The future of pharma: a bleak insider's perspective - aaavl2821
https://www.linkedin.com/pulse/pharmas-broken-business-model-industry-brink-terminal-kelvin-stott/?trackingId=pxFWXIOZmLDKgmmLMNJfIw%3D%3D&utm_source=STAT+Newsletters&utm_campaign=83993f507e-EMAIL_CAMPAIGN_2017_11_26&utm_medium=email&utm_term=0_8cab1d7961-83993f507e-150446797
======
Nomentatus
The article doesn't explain why the returns are diminishing so steeply when
illnesses, particularly chronic illnesses aren't exactly going away - and our
technological capabilities are increasing rapidly. Why doesn't it all balance
out to keep progress steady?

Part of the reason is that nowadays there are more longitudinal studies that
tend to expose larger death rates overall even when drugs are "effective"
along some one desired dimension.

But a larger reason is this: the vast majority of drugs mimic hormones
(messenger molecules) or block them; or other messengers such as
neurotransmitters.
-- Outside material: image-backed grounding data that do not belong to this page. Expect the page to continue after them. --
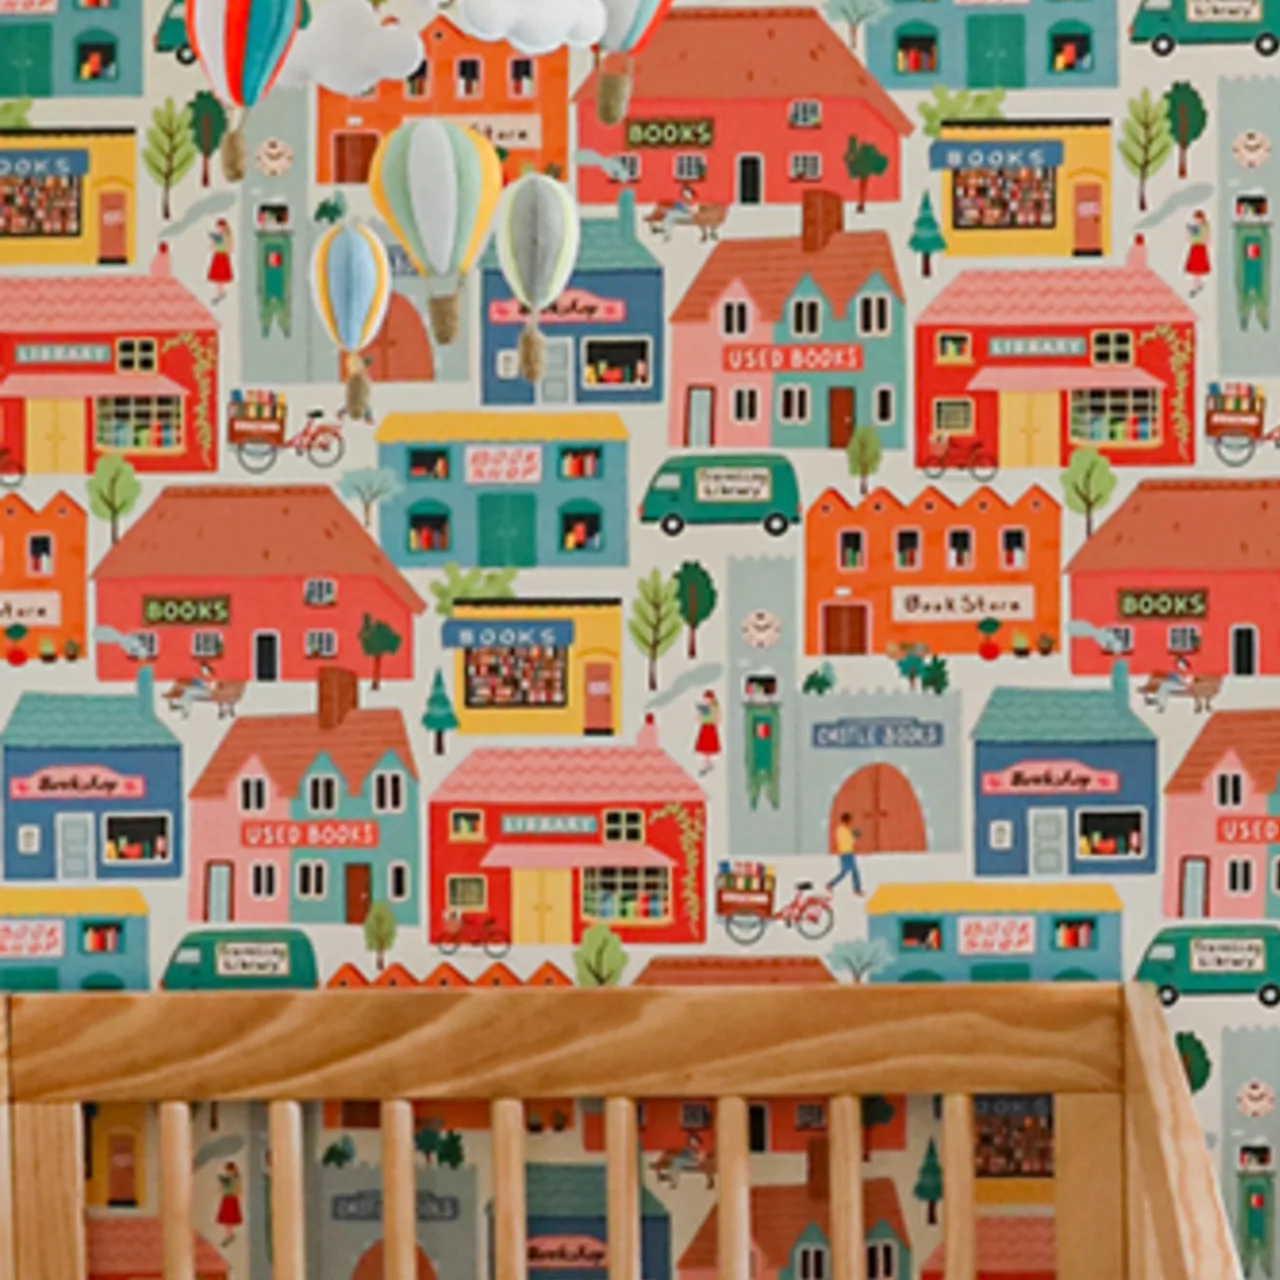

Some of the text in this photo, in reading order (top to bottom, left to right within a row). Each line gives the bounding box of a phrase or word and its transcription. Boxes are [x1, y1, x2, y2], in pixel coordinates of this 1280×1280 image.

[629, 123, 712, 141] BOOKS
[945, 150, 1044, 167] BOOKS
[19, 345, 106, 361] LIBRARY
[993, 338, 1080, 354] LIBRARY
[727, 345, 858, 369] USED BOOKS
[146, 601, 229, 619] BOOKS
[903, 594, 1022, 613] Book Store
[1122, 594, 1205, 612] BOOKS
[457, 628, 556, 645] BOOKS
[244, 821, 375, 845] USED BOOKS
[505, 816, 592, 832] LIBRARY
[1221, 818, 1280, 841] USED
In other words, we are overruling a brain/body decision and
hoping we know better than millions of years of evolution. But there just
aren't that many cases when the body's responses are truly inappropriate.
We've found most of them already.

There are some such cases of course. We've altered our environment a lot,
after all. For example, although beta blockers wouldn't be appropriate for
nomads because doing without adrenaline might mean not spearing vital game, or
even getting outrun and eaten. However in the modern world, with a lot of
environmentally caused heart disease, beta blockers are saving a lot of lives.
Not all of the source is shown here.